Within minutes of hearing Murphy speak, I became fixated on air flow and the inadequate ventilation in every indoor space I'd been in for the past week. Murphy calls this a "spatial awakening."  I'd gone to vote in the Student Union on the SUNY New Paltz campus, for example, a state university with limited endowment compared to the private universities, and found myself on line in a small, completely enclosed room, no ventilation ducts in sight. And though I was masked and boostered, I was still uncomfortable; this was not a safe space. When one of the poll workers rushed around sanitizing surfaces with a rag and spray, and then offered me a pair of gloves, I wanted to shout, "AIRBORNE!" or, alternatively, "ARE YOU INSANE?"


I remembered my doctor mother constantly opening windows in the winter months and in the summer, too, in air conditioned rooms where air does not circulate well.

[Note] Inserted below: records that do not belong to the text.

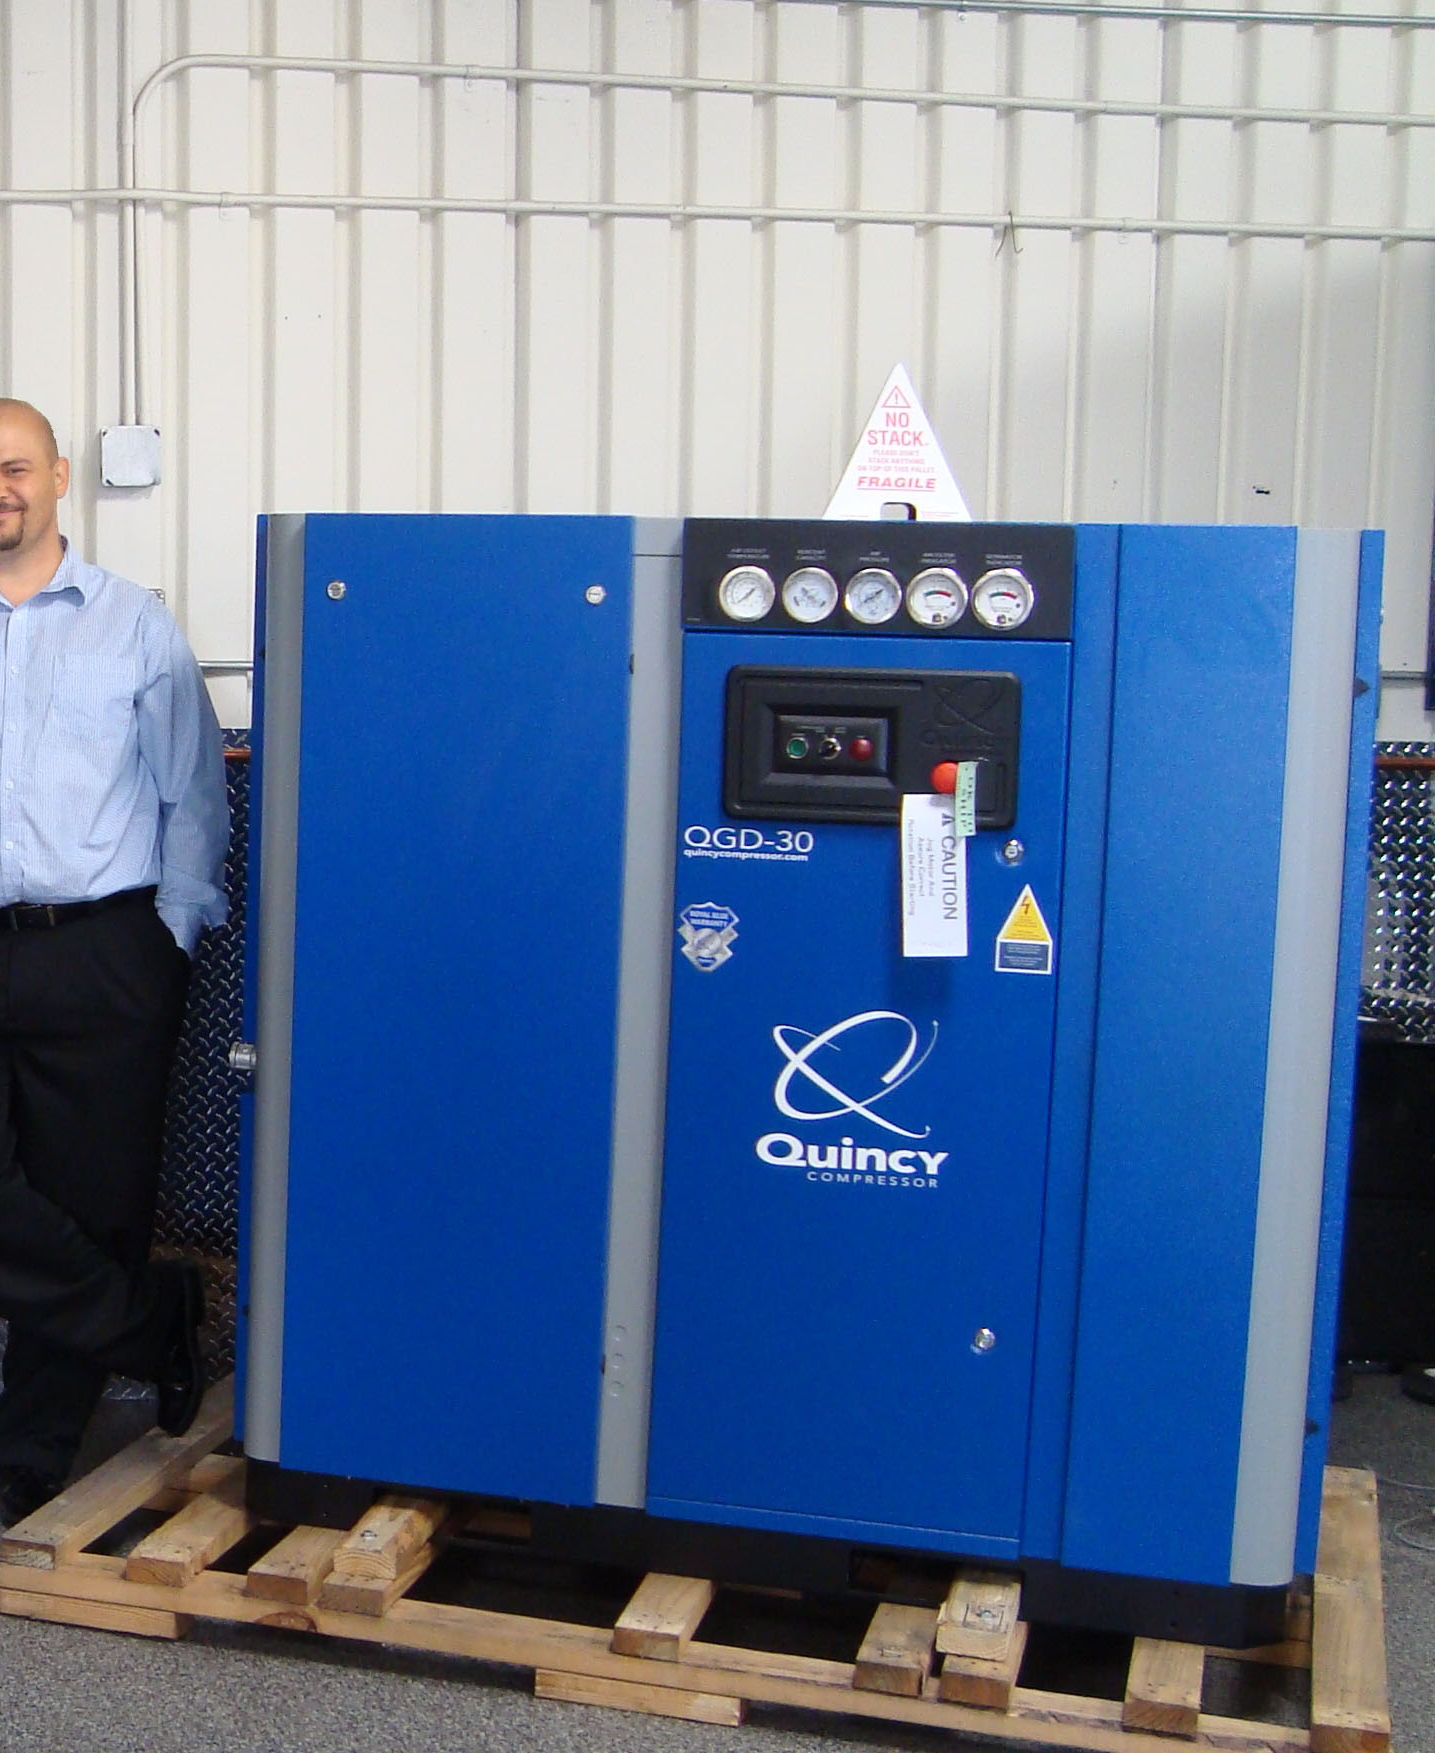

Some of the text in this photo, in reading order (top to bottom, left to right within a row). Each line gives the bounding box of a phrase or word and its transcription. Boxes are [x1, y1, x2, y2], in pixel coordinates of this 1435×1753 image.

[885, 411, 910, 428] NO
[857, 476, 938, 489] FRAGILE
[683, 825, 815, 853] QGD-30
[683, 848, 810, 862] quincycompressor.com
[941, 835, 959, 920] CAUTION
[690, 918, 729, 928] WARRANTY
[806, 1170, 939, 1188] COMPRESSOR

In medical school, she'd learned about the rampant transmission of both TB and influenza in the hospital wards where wounded WW I soldiers were recovering from their wounds. My mother never forgot that lesson. Windows remained open in our apartment even in the coldest weather. I wore layers and sat close to the steamy radiators running on gallons and gallons of fossil fuel. But I digress. So, here's a question: Why did it take such a long time for the experts to figure out that Covid was airborne? And why didn't the word "ventilation" come up in the conversation right away? Or did it?


Take a look at MASS Design's website, click the photo above. And then take a trip to the Cooper Hewitt Museum in New York after December 10 for a special exhibition on creative responses to epidemics. Design has a role in a time of crisis, and so do we, each and every one of us.